Sigauke, L. T.; Bvunzawabaya, J.; Le Bury, G.; Dziwornu, G. A.; Boliar, S.; Gludish, D. W.; Russell, D. G.; Govender, K.; Mugumbate, G.; Chigorimbo-Murefu, N.

The feasibility of achieving anti-HIV activity from the attenuation of USP18 activity was explored for the first time. A cheminformatic survey demonstrated that the current known USP18 isopeptidase inhibitors are derivatives of a bis-aryl pyranone scaffold that possesses undesirable toxicity profiles. Molecular modelling approaches applied to these active bis-aryl pyranones isolated the likely mechanism that perturbs the isopeptidase activity of USP18. Molecular dynamic simulations and free-energy profiling showed that induced-fit effects on the catalytic triad and the IBB-1 domain residues of USP18 drive a reversible non-competitive isopeptidase inhibition mechanism.

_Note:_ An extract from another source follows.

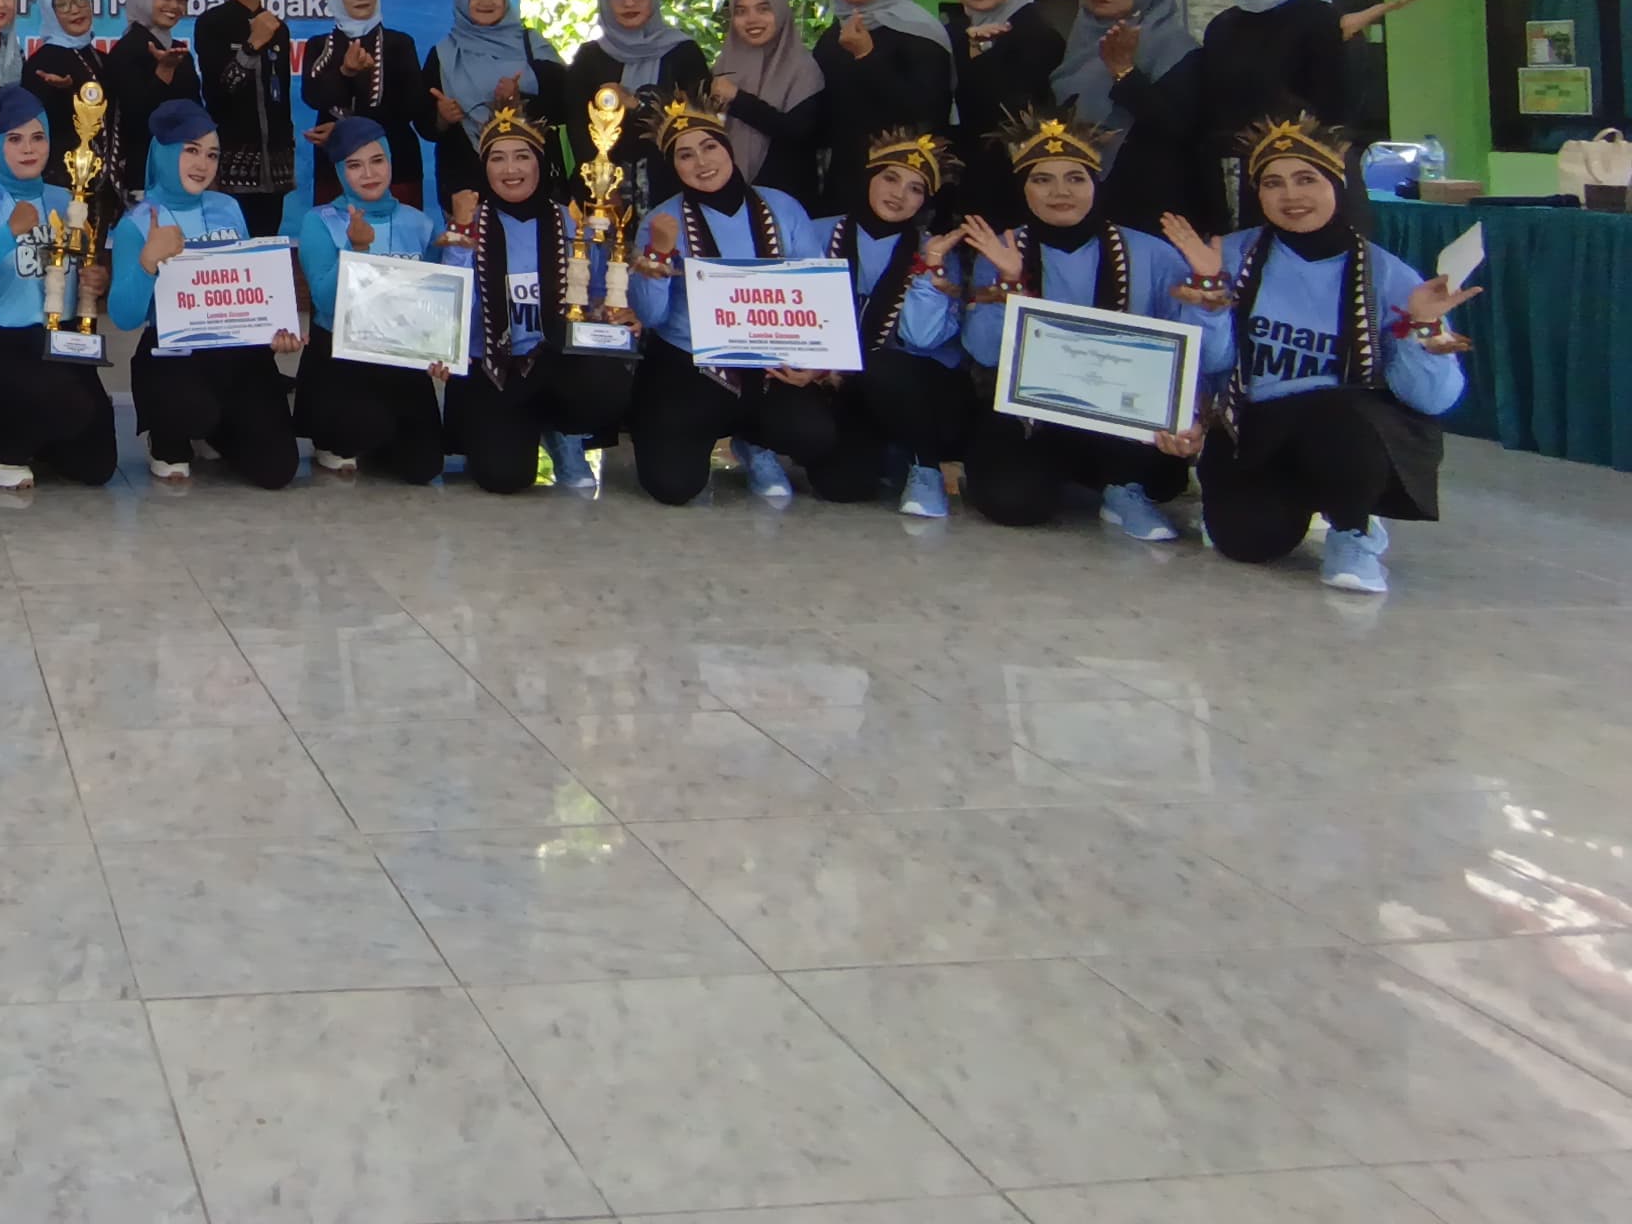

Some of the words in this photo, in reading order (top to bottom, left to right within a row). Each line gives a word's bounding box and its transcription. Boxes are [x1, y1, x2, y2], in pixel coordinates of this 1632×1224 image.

Proof-of-concept multi-cellular HIV inhibition assays demonstrate the utility of achieving anti-HIV-1 activity from attenuating the activity of USP18 using small molecules. This study motivates for the pursuit of scaffolds that target the allosteric site of USP18, fine-tuning the IFN response as a strategy to enhance the natural control mechanisms that lead to an antiviral state potentially curing viral infection.